Selon d’autres interprétations du report de la conférence, l’élargissement du fossé entre les partisans de l’interdiction des armes nucléaires et les pays demeurant attachés à la dissuasion nucléaire, aggravé par les tensions entre les Occidentaux et la Russie, risquaient de vouer la conférence à l’échec. Au moment où apparaît une lueur d’espoir avec le sommet inter-coréen et la perspective d’un sommet américano-nord-coréen, certains préfèreraient éviter de mettre de l’huile sur le feu et préserver pour plus tard les chances d’un dialogue positif.

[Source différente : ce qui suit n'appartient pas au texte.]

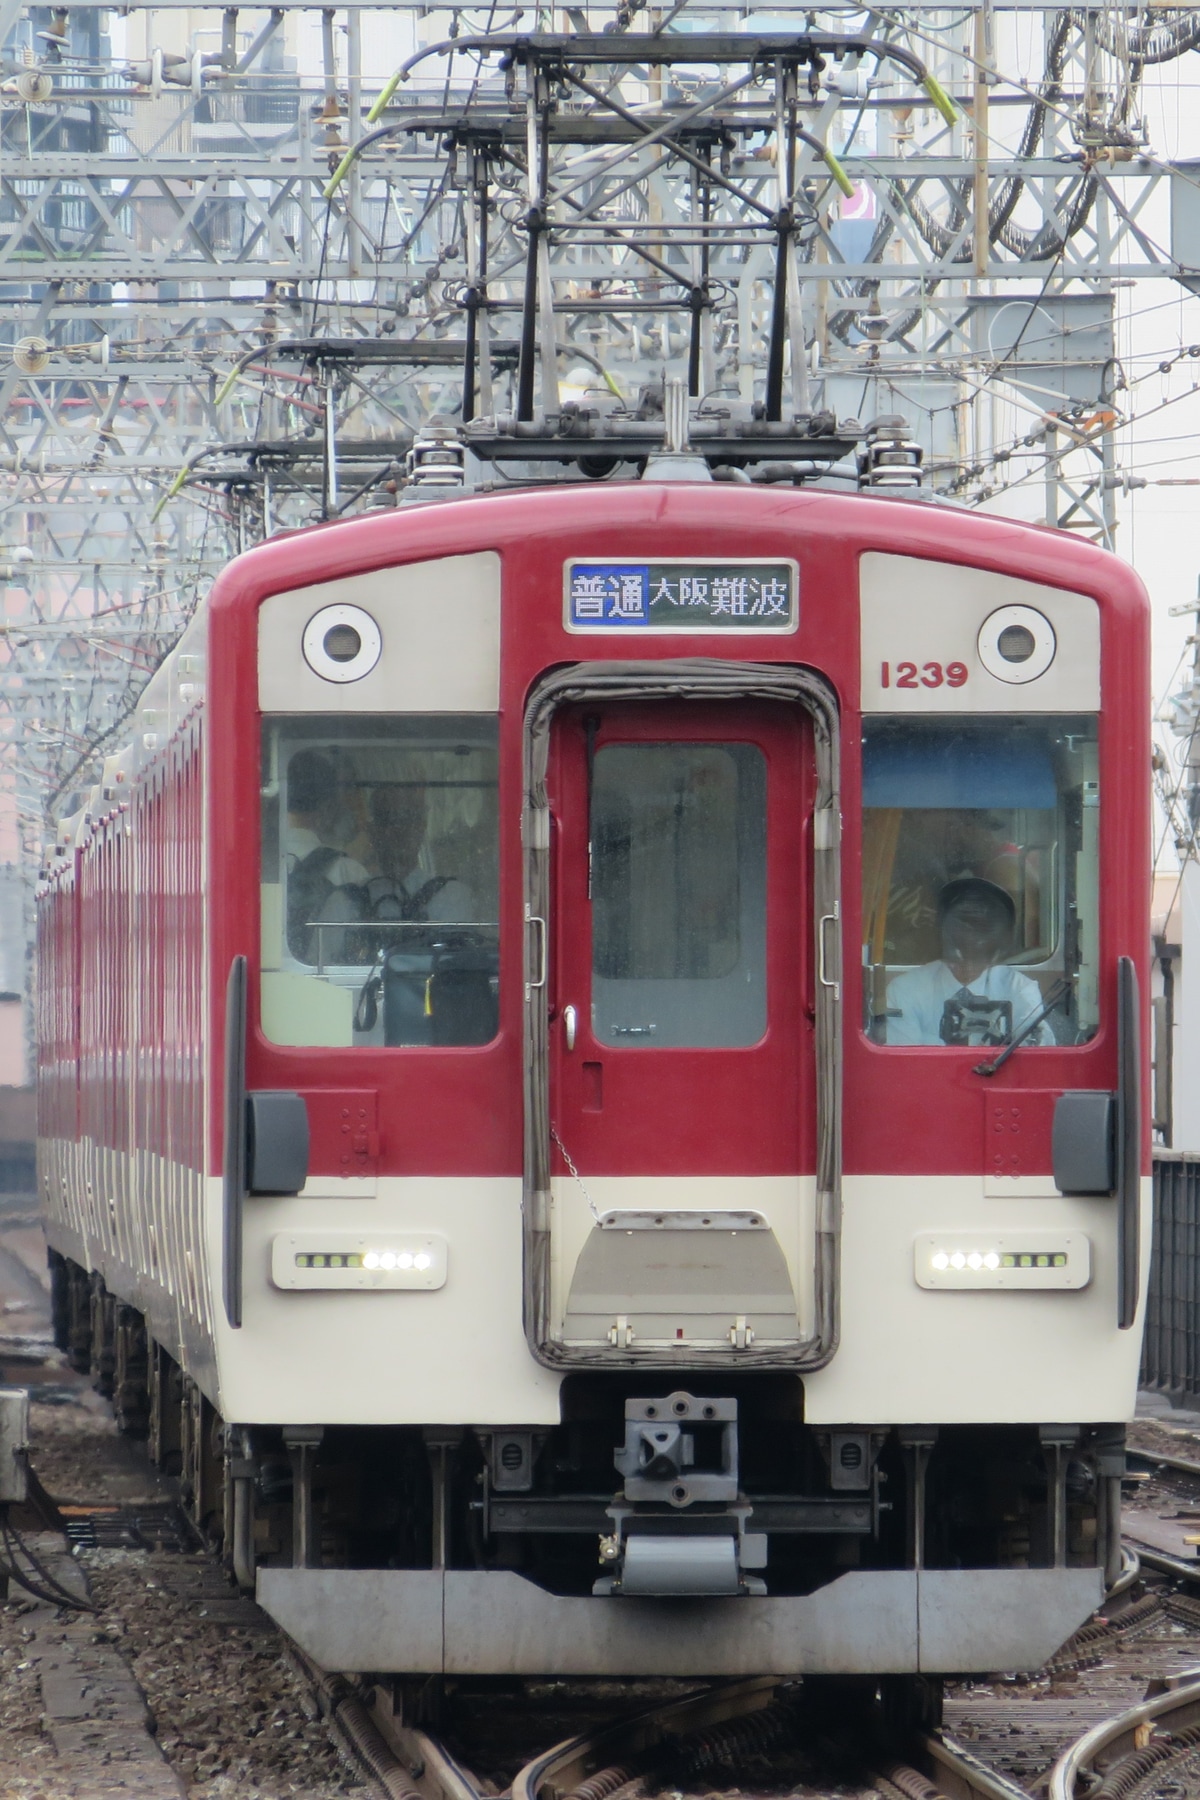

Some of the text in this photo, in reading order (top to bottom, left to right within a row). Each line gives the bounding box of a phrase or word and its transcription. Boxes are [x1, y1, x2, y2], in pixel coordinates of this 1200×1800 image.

Une troisième explication, qui pourrait rendre positif ce report, est l’intention du Secrétaire général des Nations unies, António Guterres, de lancer à Genève le 24 mai un ambitieux plan de désarmement couvrant l’ensemble des catégories d’armes, y compris les nouvelles technologies, et lié à l’agenda de prévention des conflits. Il est logique que la conférence suive cette annonce et débatte de sa mise en œuvre au lieu de la précéder.

La session du Comité préparatoire de la Conférence d’examen du Traité de Non-Prolifération (TNP) qui se déroule actuellement à Genève montre à quel point les débats diplomatiques peuvent être affectés par une combinaison funeste d’acrimonie, d’autisme politique et de résignation générale. Un climat qui semble en effet peu propice à des avancées en matière de désarmement.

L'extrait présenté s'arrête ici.